GAs can be applied in computer aided process planning (CAPP) to optimize planning for manufacturing and enable economical production at competitive rates.[4] Currently, GAs are being used by large manufacturing companies, such as those producing aircraft, to optimize resources. For instance, the global civil aviation industry allocates around $50 billion for spare parts, which forms 75% of airlines’ inventory funds. However, only 25% of this is utilized.[5] In such circumstances, GAs can be implemented to assess the most suitable configuration plans for spare parts. They can thus be used to streamline revenue and inventory as well as eliminate redundancies. Furthermore, GA optimization based on supply chain game decision-making models can provide quantitative assistance for signal selection and transaction decisions.[6] Additionally, efficient packing systems can be designed with the use of GA to reduce computation times and improve high filling rates by 99%.[7] In this way, smart machinery can be leveraged to reduce production time drastically.

GAs have also been leveraged to create thermal protective clothing for high-temperature work environments. This is done by first applying partial differential, nonlinear programming, and finite difference methods to create the overall heat transfer model. Following this, a human body burn model is obtained preliminarily and the threshold and weights of the PB neural networks are then optimized by GAs.[8] Such attire can be worn to prevent burns, heat strokes, and other similar hazards in elevated temperature environments in manufacturing settings; GAs can therefore be leveraged to improve workplace safety and reduce the risk of injury.

Boosting Profitability in Finance

GAs offer a wide range of applications in the finance sector, for instance, enabling the development of probabilistic models — which contain data in disorganized patterns — by performing reproduction, cross-over, and mutation operations on randomly generated data. The ability to deal with non-stationary data and not having to assume a specific data distribution are two of the major advantages of GAs. This method has proven to be effective and well-suited to simulating human economic behavior. GAs can also be leveraged to predict the future performance of publicly traded stocks [9] and other investment decisions in the real-estate market[10] and securities trading by optimizing trading rules and creating effective business strategies.

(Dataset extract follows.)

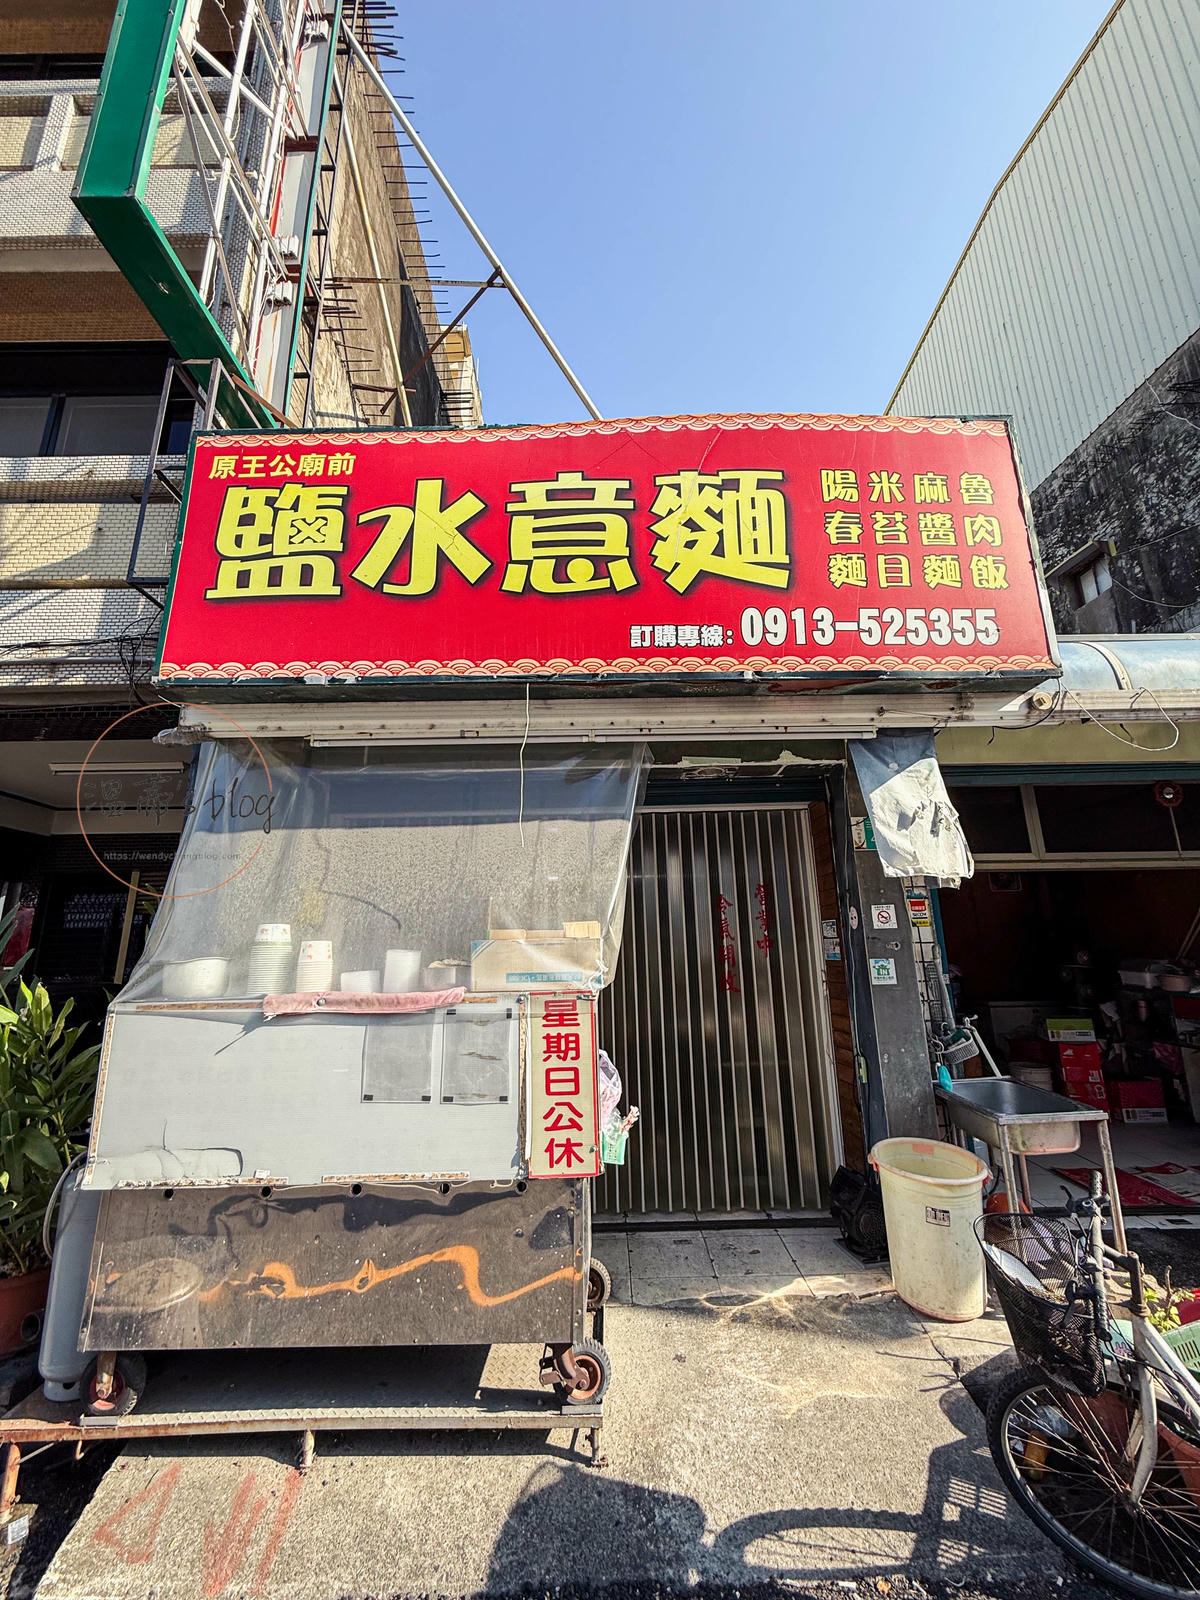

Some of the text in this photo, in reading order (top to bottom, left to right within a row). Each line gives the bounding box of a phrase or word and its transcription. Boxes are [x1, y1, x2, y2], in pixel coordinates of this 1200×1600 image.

Genetic Algorithms: Future-ready Applications for Industries

In the past few years, GAs have been leveraged to solve real-life complex challenges in various fields including economics, engineering, manufacturing, and R&D – identifying and eliminating redundancies, providing rapid solutions, and optimizing resources. The simple programming involved in GAs makes them easy to apply across diverse problems encountered in industries, such as planning optimal traveling routes, optimizing production processes, and predicting market trends, enabling industries to reduce carbon footprints, leverage next-gen autonomous technology, and sustain revenue in the long run.